Qualcosa di questo è rimasto nel senso che hanno i musei o le collezioni private.
L’arte non è dunque solo una questione di pensiero, come può essere la filosofia e altre discipline ma ha a che fare con oggetti e spazio.
Una grande rivoluzione è avvenuta quando si sono potuti “tradurre” e comunicare questi oggetti d’arte e quello che rappresentavano, con altri linguaggi visivi e non solo di scrittura: con la fotografia, il cinema, la rappresentazione vettoriale, gli ologrammi, la realtà aumentata, ma soprattutto ora con le app per smartphone che rendono tascabile e mobile tutto ciò.
Dov’è l’originale, c’è ancora? Dove sarà domani?
Strumenti che nascono per trasferire contenuti su un altro supporto, poi generano un loro carattere autonomo di linguaggio.
Così è successo per il GPS, uno strumento che mette insieme il metro all’orologio, per tracciare e ricordare la dimensione del movimento reale nello spazio.

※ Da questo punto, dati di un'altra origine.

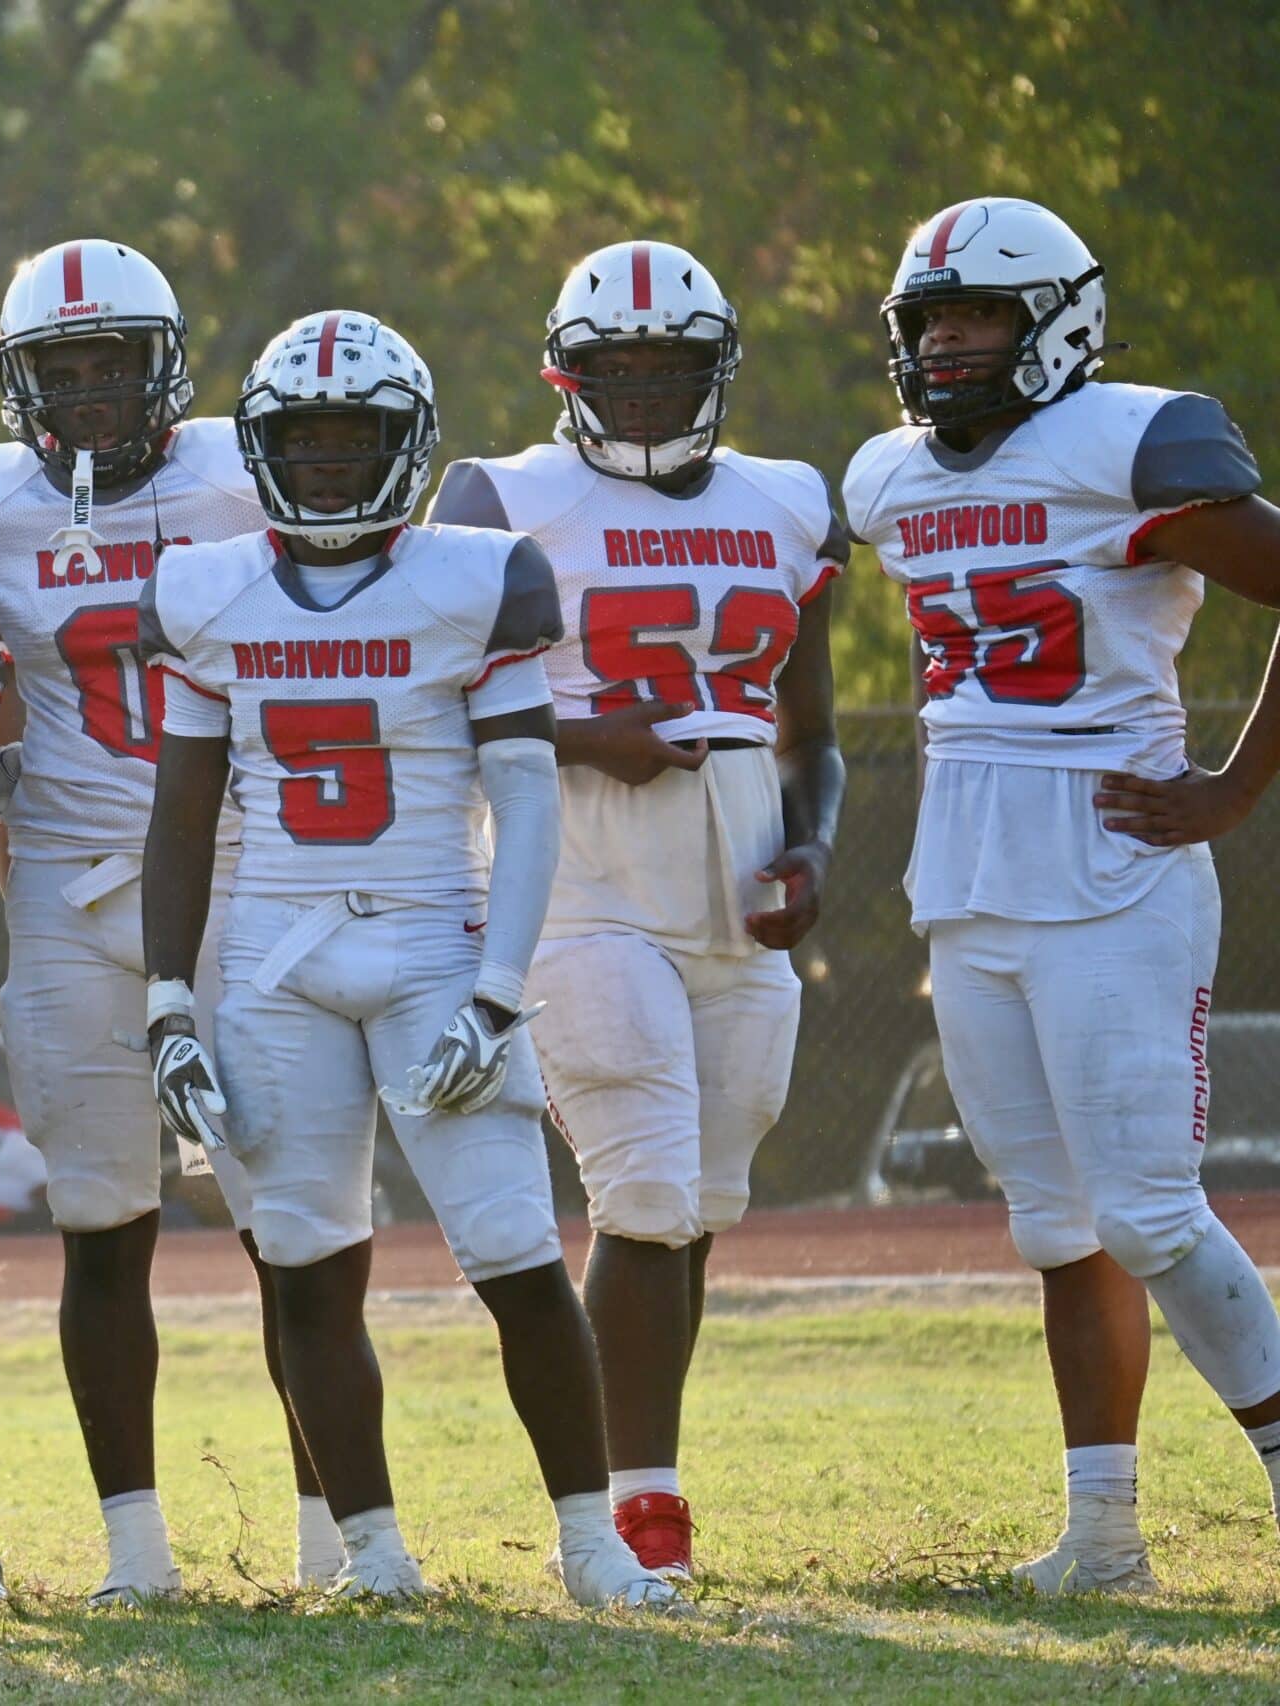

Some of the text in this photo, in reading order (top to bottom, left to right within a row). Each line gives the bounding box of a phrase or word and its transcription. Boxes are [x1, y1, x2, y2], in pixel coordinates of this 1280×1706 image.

[908, 270, 952, 286] Riddell
[58, 302, 99, 318] Riddell
[73, 485, 90, 525] NXTRND
[603, 528, 778, 570] RICHWOOD
[896, 502, 1048, 559] RICHWOOD
[579, 583, 799, 723] 52
[906, 559, 1086, 707] 55
[231, 639, 411, 679] RICHWOOD
[259, 698, 396, 846] 5

Così si è passati dalla metafora di movimento espressa da Boccioni in scultura o da Duchamp col mezzo fotografico, alla vera e propria tracciatura georeferenziata di un movimento permessa dal GPS, che in sé non è arte, ma un potente strumento che ho capito ed usato per primo nell’arte. Con questo colloco qualsiasi segmento di una mia opera SIGNA, in modo precisamente riferito, dentro a spazi di decine di migliaia di chilometri, mettendolo in rapporto alle cose esistenti in forma aristotelica o disegnandoli sul “nulla” in forma Platonica.

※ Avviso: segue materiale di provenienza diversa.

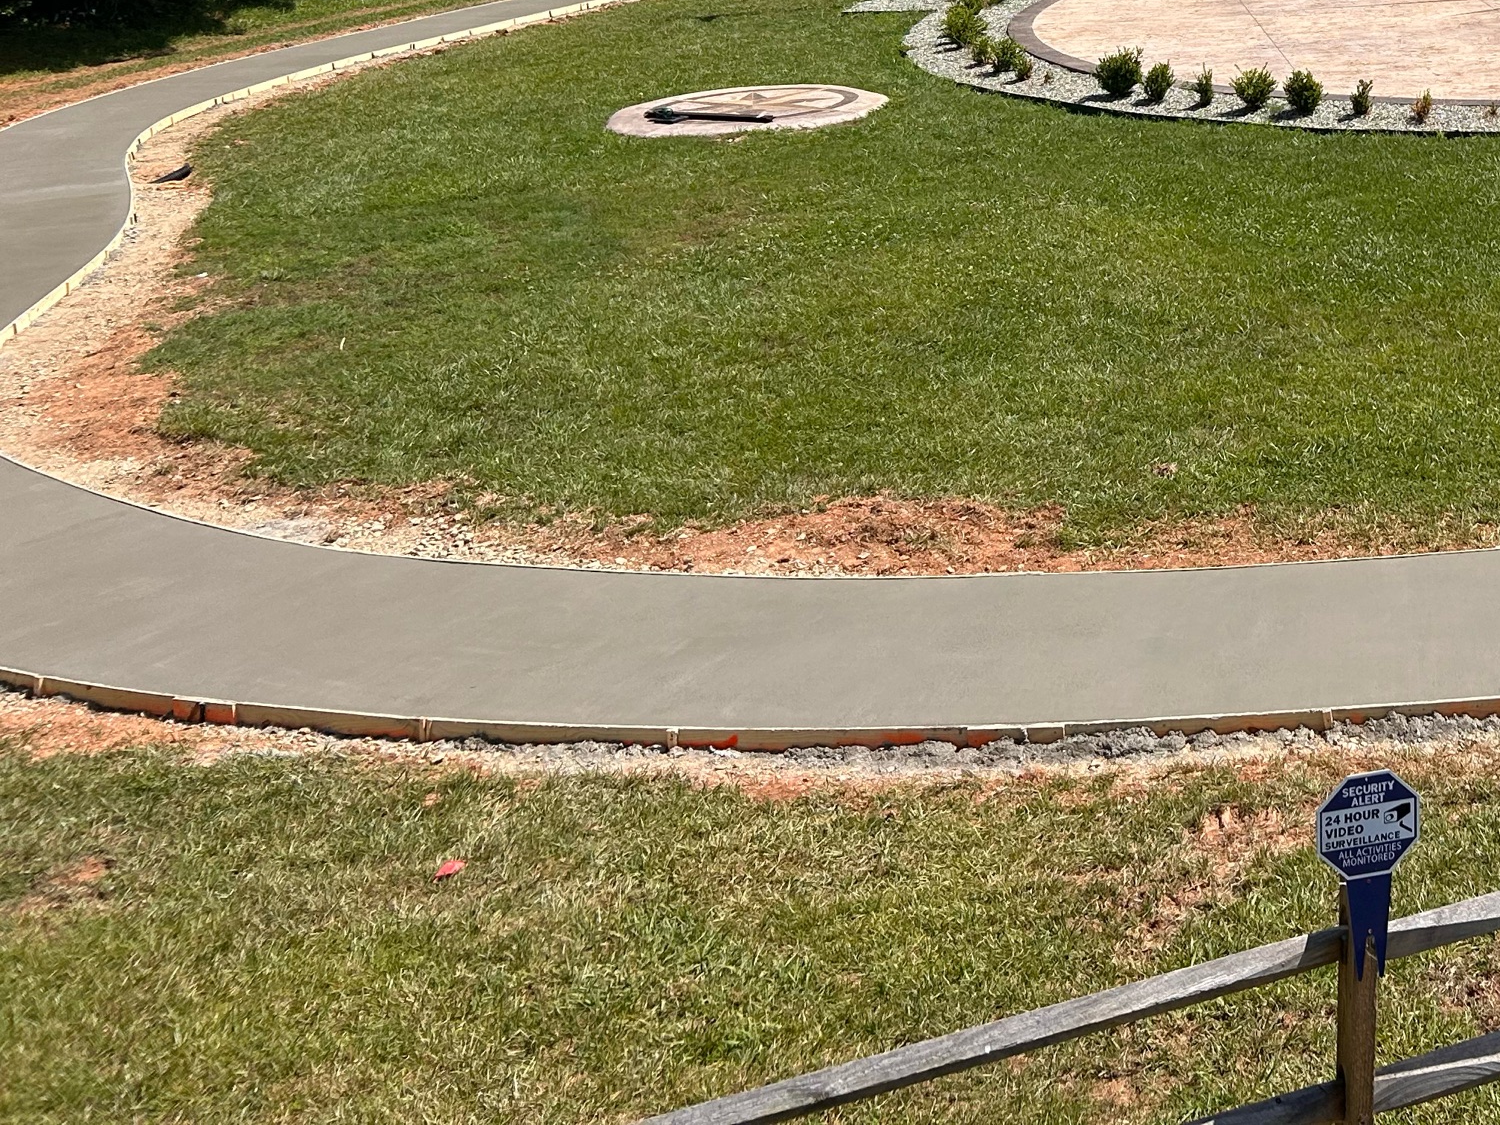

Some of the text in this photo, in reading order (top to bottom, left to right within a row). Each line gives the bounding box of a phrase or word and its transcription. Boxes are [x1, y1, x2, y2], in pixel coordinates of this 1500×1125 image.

Il primo modo è espresso dalle opere SIGNA con tracciati implementati su punti di interesse in città, villaggi o altri punti di memoria, come il SIGNA ANGELINA. Il secondo si addice alle opere SIGNA che creo nell’oceano senza alcun riferimento fisico, come il SIGNA FLY, sulla rotta aerea Parigi - New York. www.signaworld.org
Altro approccio è quello del progetto SIGNA Sound, che si colloca nello spaio interplanetario, dove l’alta velocità presuppone alta precisione.

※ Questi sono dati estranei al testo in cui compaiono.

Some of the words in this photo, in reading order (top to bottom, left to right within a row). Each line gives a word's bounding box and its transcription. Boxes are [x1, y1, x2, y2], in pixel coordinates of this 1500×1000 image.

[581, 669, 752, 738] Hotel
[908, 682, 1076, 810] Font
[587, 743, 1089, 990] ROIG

Solo parlare del dato di precisione, può sembrare un insulto all’arte contemporanea, ma la creatività, la felicità non è sinonimo di caos, di facile bassa provocazione. Precisione, esattezza, è un termine ambiguo, relativo, ma mai come ora bisogna prendere bene le misure per il grande salto nel futuro che stiamo facendo, soprattutto per non “pestare la verdura” se cadessimo nel punto sbagliato, perché il caos ci spinge a volare mentre stiamo ancora costruendo le ali.